Vaginal flora samples would seem more pleasant to acquire and prepare than stool samples. They would also seem easier to transplant, since the vagina is more easily accessible than the intestines. Obviously vaginal microflora transplants would have different applications to faecal transplants, but the former seemed far simpler and more palatable than the latter. Why, I wondered, had nobody thought of this before?
Before I started writing the post, I thought I’d better do some research. If it were so simple to take vaginal secretions from healthy women and pop them into unhealthy women, surely someone would have thought of it by now? There must be a reason why it hadn’t been done. Maybe the bacteria involved were the wrong sort, or wouldn’t take root in someone else’s vagina or something. I decided I’d better Google it a bit and check before asking idiotic questions on my own blog! And so it was that I found this article on the website Medical Xpress detailing how researchers at John Hopkins have taken the first steps towards trials of what is to be known as ‘vaginal microbiota transplantation’ (VMT). Unbelievably, the article was published only five days before I actually decided to Google ‘vaginal microbiome transplants’. Five days!!!

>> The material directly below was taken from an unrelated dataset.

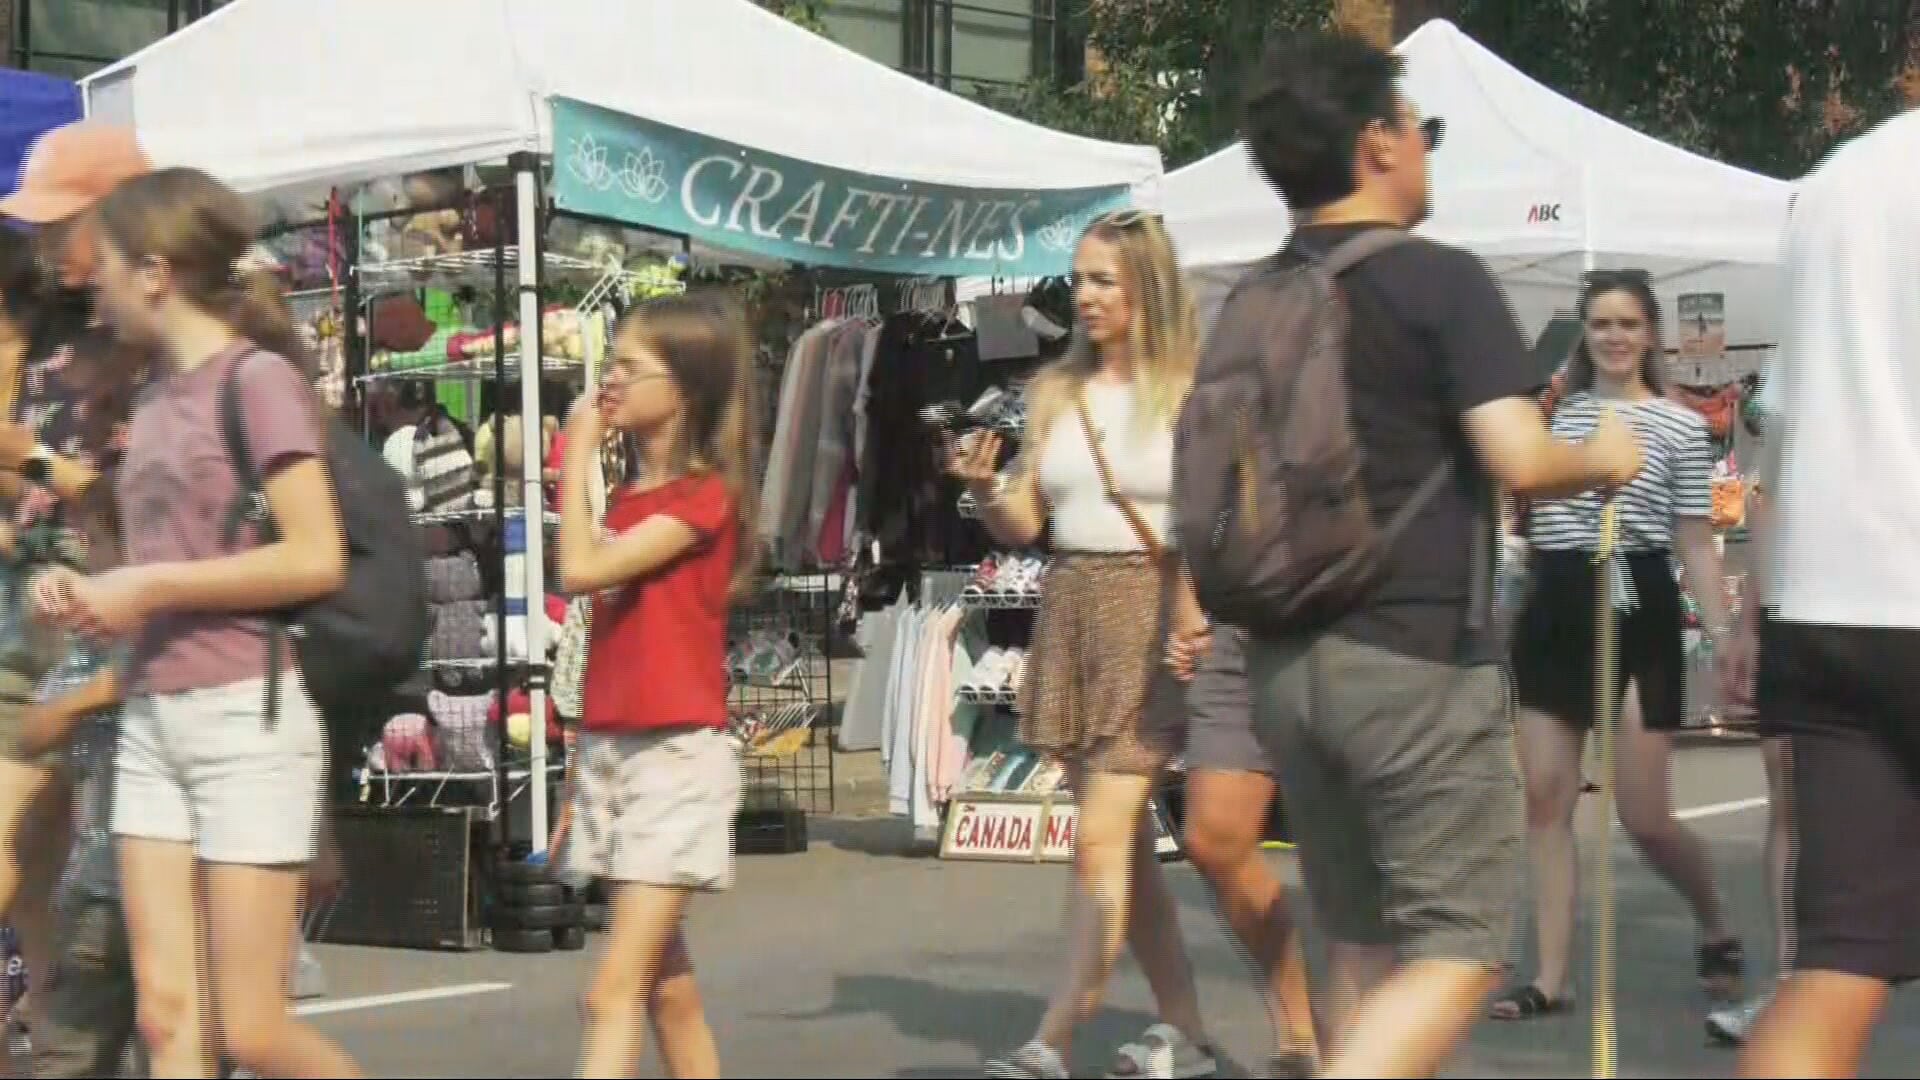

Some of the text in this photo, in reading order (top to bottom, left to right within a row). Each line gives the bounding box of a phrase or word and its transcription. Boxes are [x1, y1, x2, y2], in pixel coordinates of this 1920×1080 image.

The piece on the Medical Xpress website is referring to this original research article published on Frontiers in Cellular and Infection Microbiology at the end of August 2019. It looks as if a conceptual analysis of VMT may first have been published at the beginning of 2019, though I’m not entirely sure about this. There may be earlier written material on the subject that I have been too lazy to find!
At the moment, it seems that VMT is being researched purely in relation to bacterial vaginosis. However, it is predicted that in the near future it will be available as a therapeutic method in treating various vaginal disorders. And so my whole planned blog post is redundant really, because it turns out it was a good idea that I had, but somebody else has already had it after all! Realistically, even if I had been the first to have the idea, I’d have had no means to implement it and no contacts I could persuade to implement it for me, so it would have remained just a musing on an obscure corner of the internet. I may not be in line for any Nobel prizes, but at least this way there might soon be a new treatment available for a range of genitourinary complaints!
I should point out that for safety reasons the actual procedure involved in obtaining vaginal microbiota samples is nowhere near as straightforward as simply swabbing one woman and rubbing her sample onto another. If you want to know more about it, the details are in the linked articles, but please don’t go trying any DIY versions at home. I have no idea how bacterial vaginosis sufferers could put themselves forward as guinea pigs during this research phase of VMT, but if you’re under the care of an eminent specialist or have friends in high places at John Hopkins, it might be worth printing off these articles and asking them the question – you never know your luck! Meanwhile, remember VMT – one day in the not too distant future it might be something your own doctor can refer you for!